Garden asparagus |
Habit,
female flower, phylloclades and berry of the
garden asparagus
Asparagus officinalis L.: | |
Blooming period: | June–July |
Height: | 60–150 cm |
Flowers: | bisexual or monosexual, actinomorphic, Ø 3–6 mm, stamens: 6, styles: 1 |
Tepals: | 6, whitish, yellowish or greenish, fused at the base |
Leaves: | reduced to scales |
Plants perennial, herbaceous, dioecious, with a thick, short, bulbous rootstock. Male plants dense, female plants slim.
Stem upright, glabrous, smooth, woody at the base, above highly branched.
Stem leaves reduced to scales with a short spur at the base. Out of their axils grow bundles of mostly 4–20 acicular phylloclades (short shoots, which take over the function of leaves).
The flowers are solitary or arranged in pairs or threes in the axils of the branches. The flower stalk is 2–20 mm long and has a knot at the center.
Male flowers bell-shaped, 5–6 mm long, female flowers spherical, about 3 mm long. Occasionally occur hermaphrodite flowers.
Petals and sepals not in divided in corolla and calyx (= perigonium), whitish, yellowish or greenish, fused at the base.

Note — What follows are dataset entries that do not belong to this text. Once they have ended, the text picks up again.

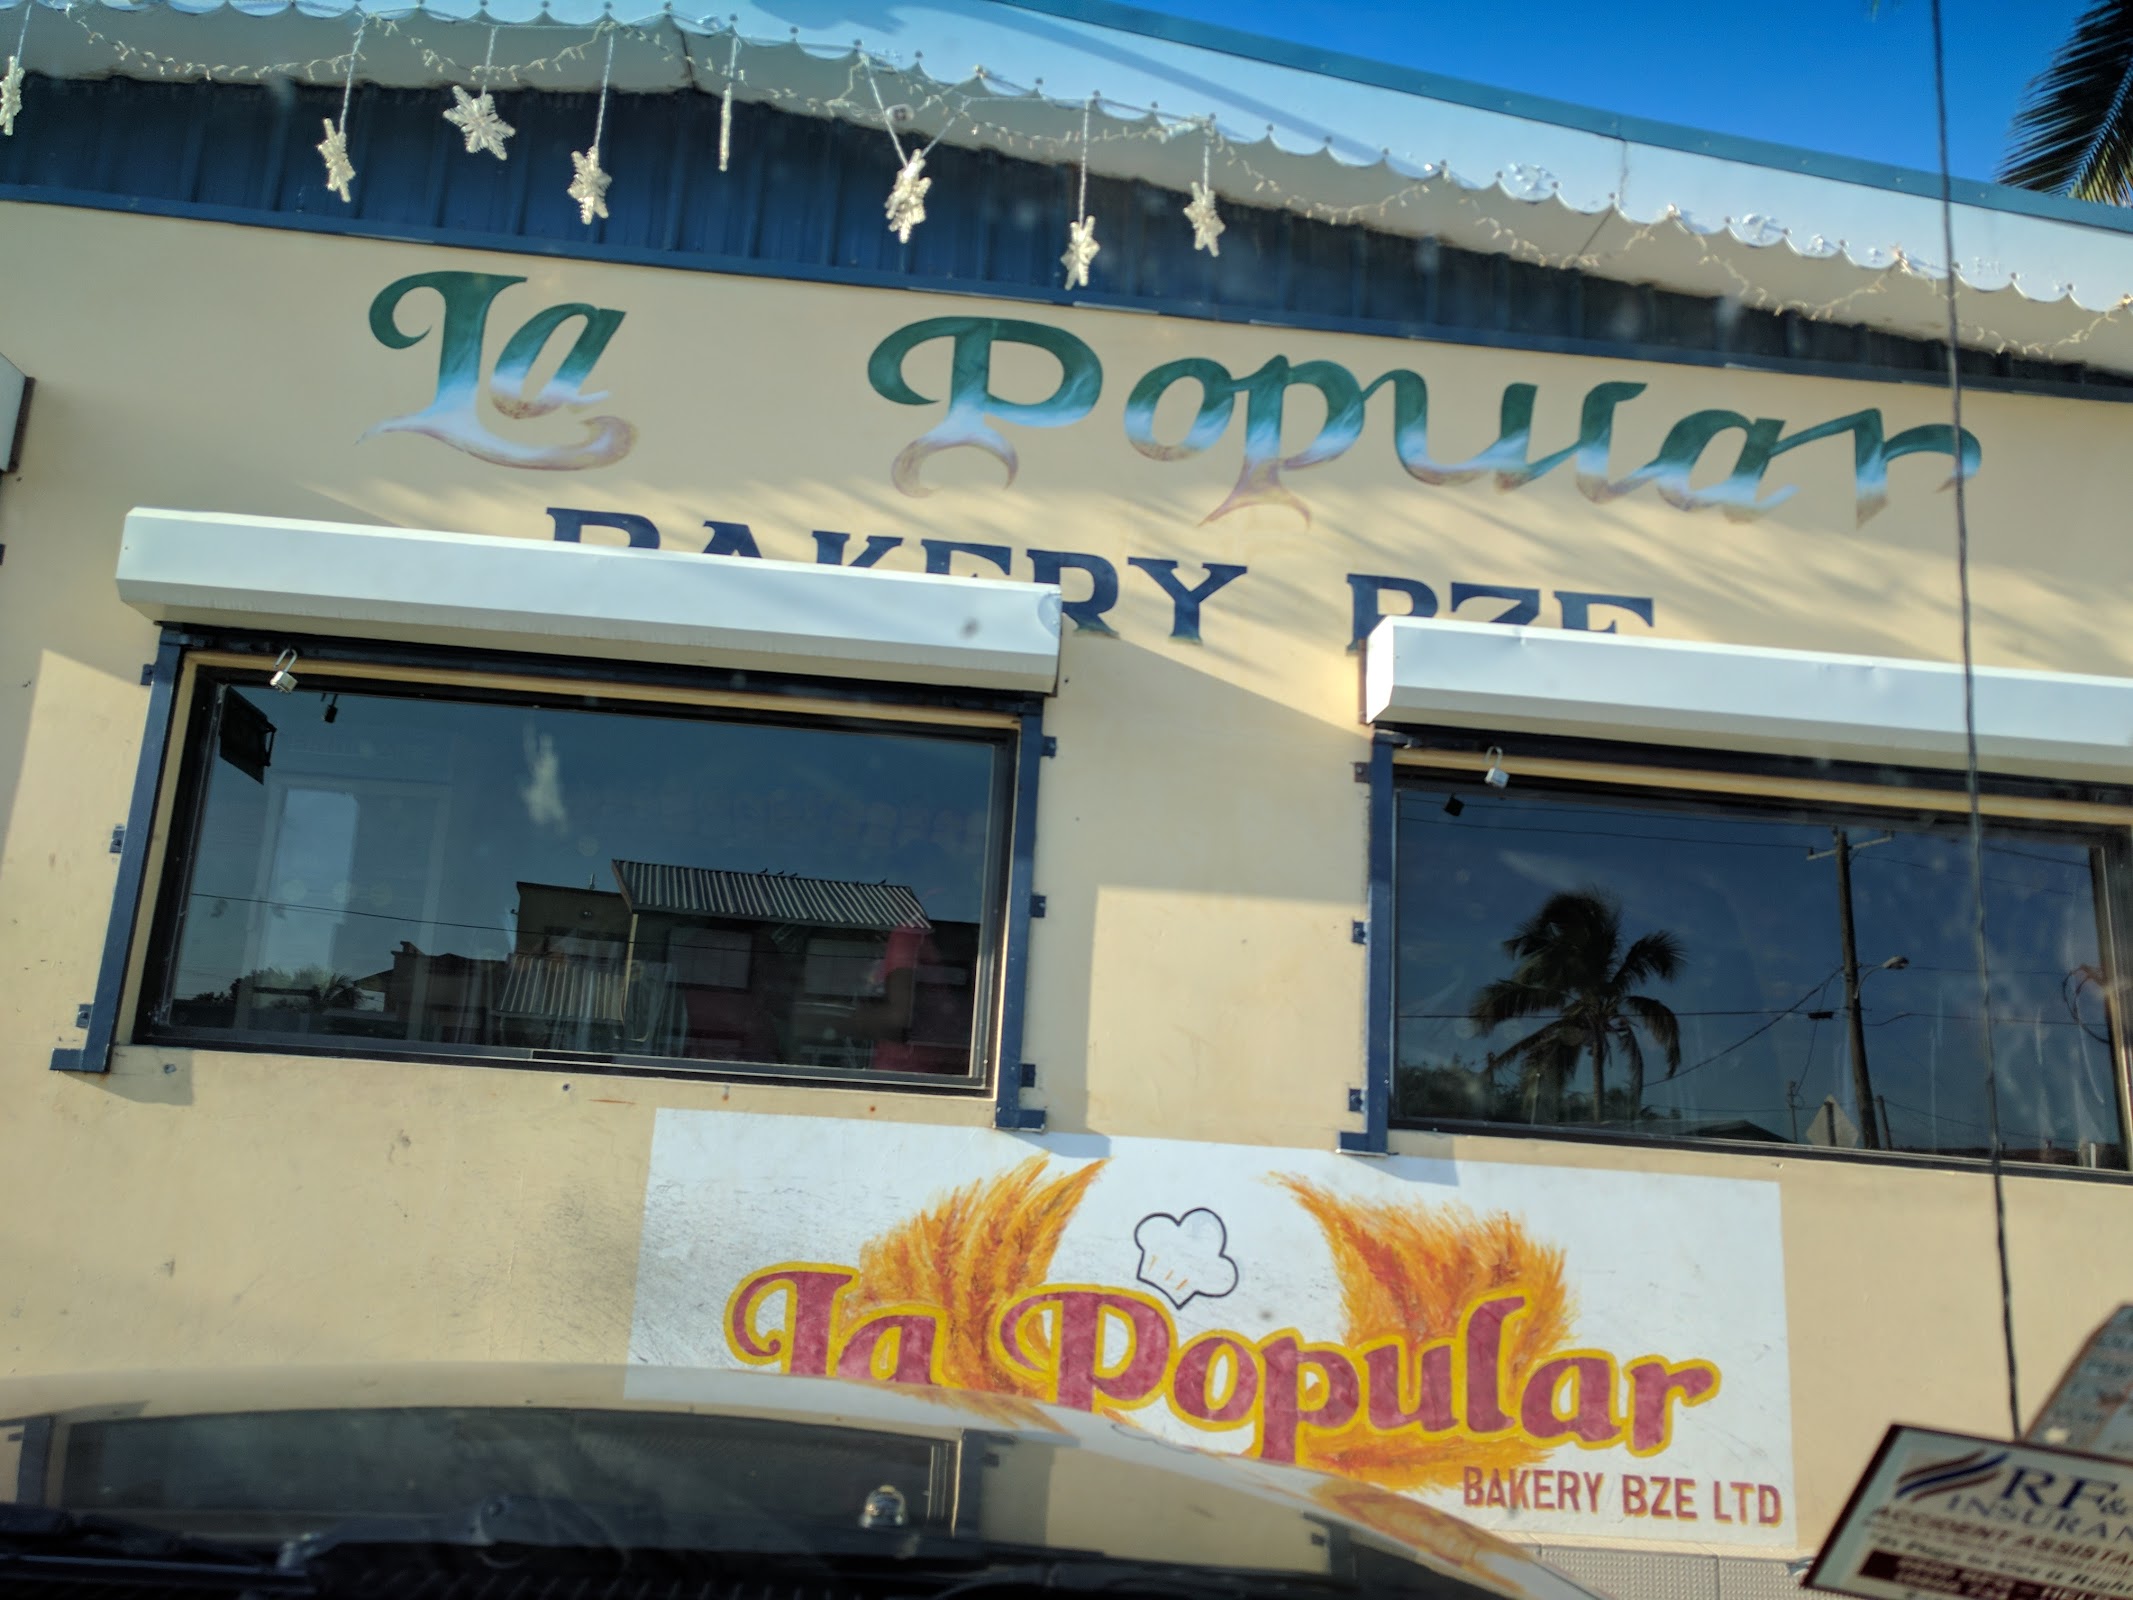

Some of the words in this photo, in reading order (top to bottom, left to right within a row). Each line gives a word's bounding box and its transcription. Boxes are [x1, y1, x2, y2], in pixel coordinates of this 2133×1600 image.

[356, 270, 638, 471] La
[867, 316, 1982, 531] Popular
[724, 1261, 962, 1386] La
[993, 1283, 1722, 1466] Popular
[1463, 1466, 1605, 1514] BAKERY
[1622, 1474, 1699, 1520] BZE
[1713, 1480, 1783, 1527] LTD
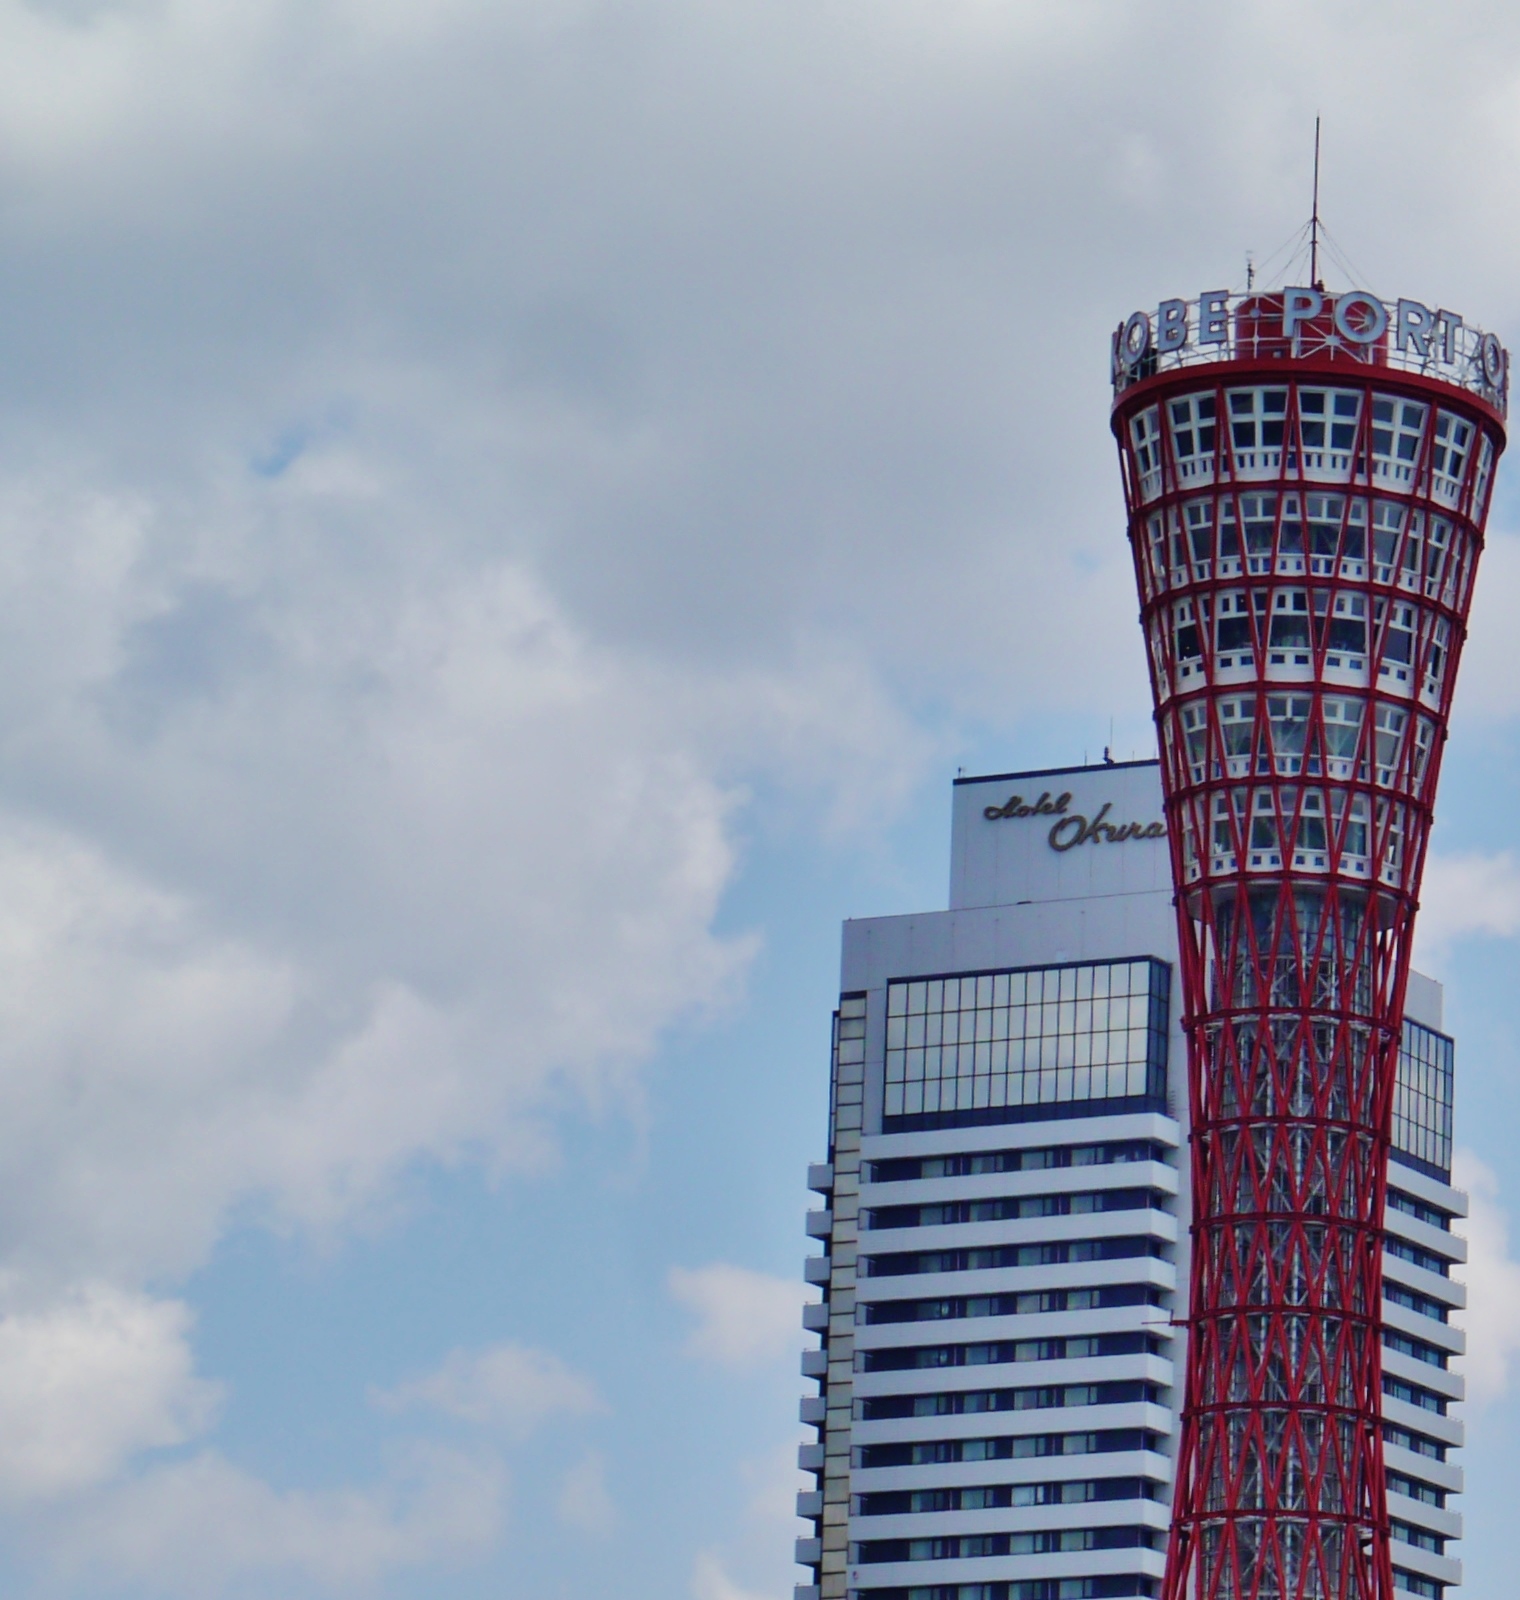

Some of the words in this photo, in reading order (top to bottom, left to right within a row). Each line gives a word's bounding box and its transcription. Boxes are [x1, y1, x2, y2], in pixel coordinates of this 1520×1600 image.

[1111, 289, 1230, 385] KOBE
[1282, 286, 1463, 364] PORT
[984, 791, 1073, 821] Hotel
[1048, 802, 1168, 852] Okura

The fruits are round berries with 2–3 seeds, initially green, red when ripe, Ø 8 mm. Berries poisonous!
Floral formula: |
♂ * [P3+3 A3+3] G0 ♀ * P3+3 A0 G(3) superior or * [P3+3 A3+3] G(3) superior |
Occurrence:
Roadsides,
dunes, shore, wastelands. Prefers warm, dry and relatively
nitrogen-poor locations.
Distribution:
Initially
Europe, except in the North, Central and South-West Asia, North-West
Africa. As useful plant cosmopolitan represented.